Lawmakers in Louisiana got good news Thursday. The state’s fiscal cliff isn’t quite as bad as previously expected.

What was once a $994-million budget shortfall for next fiscal year is now just shy of $650 million. Lawmakers were anticipating the state would make about $300 million as a result of federal tax changes passed last year. But it wasn’t official until the Revenue Estimating Conference recognized the funds. Speaker of the House Taylor Barras is a member of the REC.

The Revenue Estimating Conference met Thursday, April 12 to adjust the revenue forecast for next fiscal year.
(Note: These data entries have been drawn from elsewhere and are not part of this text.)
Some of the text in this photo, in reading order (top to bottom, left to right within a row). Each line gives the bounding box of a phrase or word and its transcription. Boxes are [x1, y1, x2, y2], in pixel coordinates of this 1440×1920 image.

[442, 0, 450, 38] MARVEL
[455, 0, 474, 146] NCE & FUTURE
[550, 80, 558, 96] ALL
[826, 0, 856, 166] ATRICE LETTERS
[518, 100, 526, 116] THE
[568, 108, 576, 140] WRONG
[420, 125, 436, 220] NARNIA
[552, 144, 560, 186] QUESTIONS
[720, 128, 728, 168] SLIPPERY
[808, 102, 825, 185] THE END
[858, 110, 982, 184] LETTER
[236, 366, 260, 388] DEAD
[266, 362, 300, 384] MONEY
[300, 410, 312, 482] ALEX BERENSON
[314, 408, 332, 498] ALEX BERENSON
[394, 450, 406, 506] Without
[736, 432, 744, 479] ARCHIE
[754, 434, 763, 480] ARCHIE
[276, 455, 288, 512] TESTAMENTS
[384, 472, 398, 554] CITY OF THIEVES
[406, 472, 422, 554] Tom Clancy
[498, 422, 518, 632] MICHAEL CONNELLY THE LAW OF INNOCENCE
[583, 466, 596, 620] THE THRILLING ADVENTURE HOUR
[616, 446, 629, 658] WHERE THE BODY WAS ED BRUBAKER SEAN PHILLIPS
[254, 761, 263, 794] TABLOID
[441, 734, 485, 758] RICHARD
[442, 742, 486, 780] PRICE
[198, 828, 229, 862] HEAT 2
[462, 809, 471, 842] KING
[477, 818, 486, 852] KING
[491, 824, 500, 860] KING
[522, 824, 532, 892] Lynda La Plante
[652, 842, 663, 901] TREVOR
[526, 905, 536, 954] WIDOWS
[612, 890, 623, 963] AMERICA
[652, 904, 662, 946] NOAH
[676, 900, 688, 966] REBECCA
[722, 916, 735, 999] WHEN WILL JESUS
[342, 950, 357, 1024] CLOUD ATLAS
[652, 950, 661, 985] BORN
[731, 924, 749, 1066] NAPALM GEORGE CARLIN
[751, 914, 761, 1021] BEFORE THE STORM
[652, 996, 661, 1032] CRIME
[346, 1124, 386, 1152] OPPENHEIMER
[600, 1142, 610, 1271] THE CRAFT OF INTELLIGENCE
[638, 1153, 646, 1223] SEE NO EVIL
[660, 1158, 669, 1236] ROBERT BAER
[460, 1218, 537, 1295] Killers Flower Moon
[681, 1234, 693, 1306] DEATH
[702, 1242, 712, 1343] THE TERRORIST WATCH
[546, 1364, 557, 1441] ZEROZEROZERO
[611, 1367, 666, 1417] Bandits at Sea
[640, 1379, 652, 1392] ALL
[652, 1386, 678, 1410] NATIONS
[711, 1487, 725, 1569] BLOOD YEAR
Members include Speaker of the House Taylor Barras, Senate President John Alario, Commissioner of Administration Jay Dardenne, and economist Jim Richardson.
Credit Wallis Watkins

"Now that it is recognized, our appropriations committee will meet Monday in the house and begin that process of allocating that 346 million," Barras said.
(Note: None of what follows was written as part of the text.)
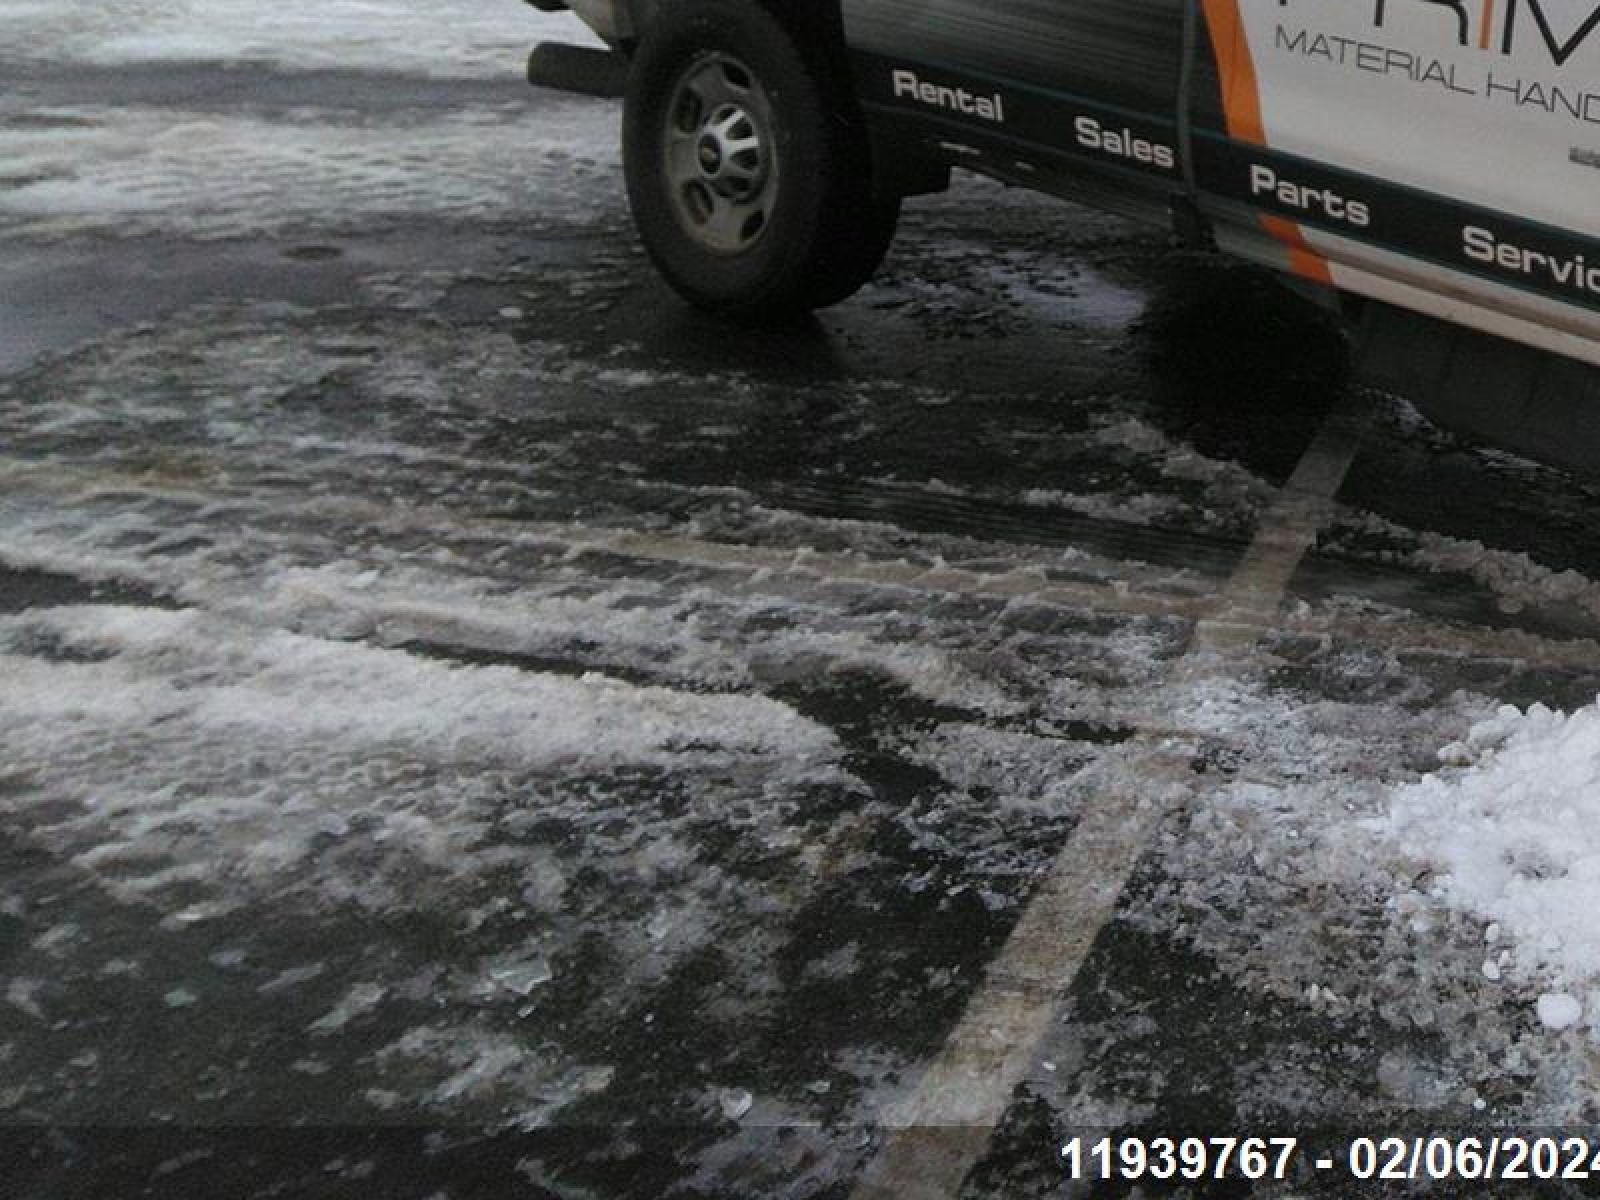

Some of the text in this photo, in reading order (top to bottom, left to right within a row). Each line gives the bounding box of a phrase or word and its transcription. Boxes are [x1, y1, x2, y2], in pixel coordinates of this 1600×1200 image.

[1274, 24, 1477, 95] MATERIAL
[893, 68, 1004, 123] Rental
[1074, 115, 1175, 169] Sales
[1250, 163, 1370, 227] Parts
Gov. Edwards has outlined how he'd like to see the money spent. In a statement released Thursday, he called for restoring a $25 million cut to higher education and putting another $50 million towards TOPS.

That would still leave the scholarship program underfunded — and deep cuts would remain in areas like health care and law enforcement.
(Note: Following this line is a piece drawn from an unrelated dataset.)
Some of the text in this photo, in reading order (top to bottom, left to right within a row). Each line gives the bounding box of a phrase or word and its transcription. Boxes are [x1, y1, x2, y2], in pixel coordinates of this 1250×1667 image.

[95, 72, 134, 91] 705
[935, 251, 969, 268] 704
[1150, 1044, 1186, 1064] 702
According to Speaker Barras, enough House members may be willing to support a budget with $650 million in cuts. "I would estimate today that we probably have 53 votes that would allow that to leave and head on to the Senate," Barras said.

Gov. Edwards says passing a budget with $650 million in cuts would be irresponsible and warns he would not sign it into law.

The House is expected to vote on the budget — which is House Bill 1 — next week. If it passes, it would move to the Senate, where they would be able to change it as they see fit.

"How it returns from the Senate and what ultimately House Bill 1 finally looks like, I can't say it will look like exactly how it left the House," said Barras.

Both Edwards and Barras say the option remains for a special session to raise revenue and resolve all or some of the budget shortfall.